First of all, Zeus did amaaaazing in the waiting room! There were barking dogs and people coming and going, and Zeus (although interested in the people) didn't pay the other dogs any mind at all. I was afraid of him barking because he tends to bark when other dogs are doing so, and he was really bad at barking at other dogs when he saw them. And when we have to sit and wait for a long time, he tends to whine and grunt and grumble to voice his displeasure at doing nothing. Nowadays, I'm noticing he isn't doing that nearly as much! Maybe Age Two is the beginning of al little more mental maturity!

Zeus went with the vet tech happily, as he normally does. He's 89.2lbs now! It's crazy because he apparently has put on 5lbs since the last time we weighed him, which probably was in September or October, but I don't see it. People say he's getting thicker. I guess it's a filling out phase? He definitely isn't fat. Aw, my big baby boy is growing into a man dog!

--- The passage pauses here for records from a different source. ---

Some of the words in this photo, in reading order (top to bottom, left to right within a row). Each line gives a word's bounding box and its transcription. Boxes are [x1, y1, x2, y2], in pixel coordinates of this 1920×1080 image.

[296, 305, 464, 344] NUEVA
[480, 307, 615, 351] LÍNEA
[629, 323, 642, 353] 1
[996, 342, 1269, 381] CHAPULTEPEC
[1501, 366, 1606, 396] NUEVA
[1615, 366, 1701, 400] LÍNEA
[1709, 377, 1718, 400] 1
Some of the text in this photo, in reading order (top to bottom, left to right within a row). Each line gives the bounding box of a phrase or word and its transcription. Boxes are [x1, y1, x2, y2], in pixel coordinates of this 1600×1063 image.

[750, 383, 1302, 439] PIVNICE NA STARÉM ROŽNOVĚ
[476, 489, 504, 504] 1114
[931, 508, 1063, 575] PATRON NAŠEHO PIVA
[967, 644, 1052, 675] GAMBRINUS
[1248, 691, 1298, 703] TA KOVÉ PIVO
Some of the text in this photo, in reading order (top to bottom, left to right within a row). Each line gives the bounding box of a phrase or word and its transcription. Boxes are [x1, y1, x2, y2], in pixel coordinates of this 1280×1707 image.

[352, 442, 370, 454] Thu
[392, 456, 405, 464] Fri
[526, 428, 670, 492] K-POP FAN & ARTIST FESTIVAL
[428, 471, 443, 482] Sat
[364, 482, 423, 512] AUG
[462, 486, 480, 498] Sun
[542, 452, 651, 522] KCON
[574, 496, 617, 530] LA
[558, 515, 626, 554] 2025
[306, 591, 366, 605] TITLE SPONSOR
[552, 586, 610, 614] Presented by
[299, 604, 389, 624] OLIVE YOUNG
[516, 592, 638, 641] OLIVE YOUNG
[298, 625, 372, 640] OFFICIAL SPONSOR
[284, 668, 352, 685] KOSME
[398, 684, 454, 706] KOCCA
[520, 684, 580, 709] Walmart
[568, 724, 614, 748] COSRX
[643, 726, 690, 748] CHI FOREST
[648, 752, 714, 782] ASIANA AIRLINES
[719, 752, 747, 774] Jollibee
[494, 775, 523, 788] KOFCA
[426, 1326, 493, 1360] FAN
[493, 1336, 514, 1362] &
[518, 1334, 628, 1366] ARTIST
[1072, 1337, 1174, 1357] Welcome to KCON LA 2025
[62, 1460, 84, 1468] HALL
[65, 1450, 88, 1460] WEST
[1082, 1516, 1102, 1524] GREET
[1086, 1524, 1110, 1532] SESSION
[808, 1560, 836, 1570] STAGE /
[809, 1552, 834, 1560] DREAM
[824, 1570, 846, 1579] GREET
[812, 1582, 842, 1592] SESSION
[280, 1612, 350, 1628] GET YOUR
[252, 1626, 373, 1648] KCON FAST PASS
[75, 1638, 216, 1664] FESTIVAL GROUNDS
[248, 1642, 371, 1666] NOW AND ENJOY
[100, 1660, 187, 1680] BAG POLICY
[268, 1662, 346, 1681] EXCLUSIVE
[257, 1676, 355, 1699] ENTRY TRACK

And finally, the diagnosis .... Yeah, the vet didn't find anything physically wrong with his leg or paw. She said he doesn't have any inflammation and no tenderness when she examined his limb from top to bottom. She said she'd be more worried if he wasn't using his leg or didn't want to put any pressure on it at all, but the fact that he's walking around on it and doing normal activities makes it seem like a minor injury. She said they could run X-rays if I wanted, but she didn't think it was necessary. Her diagnosis was a likely soft tissue strain or sprain causing some mild discomfort. She prescribed pain medication (OstiMax). They're 100mg tablets, but Zeus only gets half of one, once a day for 6 days. If improvement isn't shown in a week, we're to bring him back. We're going out of town this weekend for the holidays, back to our hometown in Texas, so if he's still limping after Christmas, we're going to take him to our old vet to see what they say. Maybe get an X-ray at that time. @MeadowCat , I'm keeping what you said in the back of my mind. If time passes and he's still limping, there is a specialty vet clinic here in Albuquerque that I'll take him to, but we won't be back until Jan 6. If nothing else, while in Texas I'll take him to Austin as there are a buttload of specialty clinics there, and it's only about an hour's drive from where I'll be.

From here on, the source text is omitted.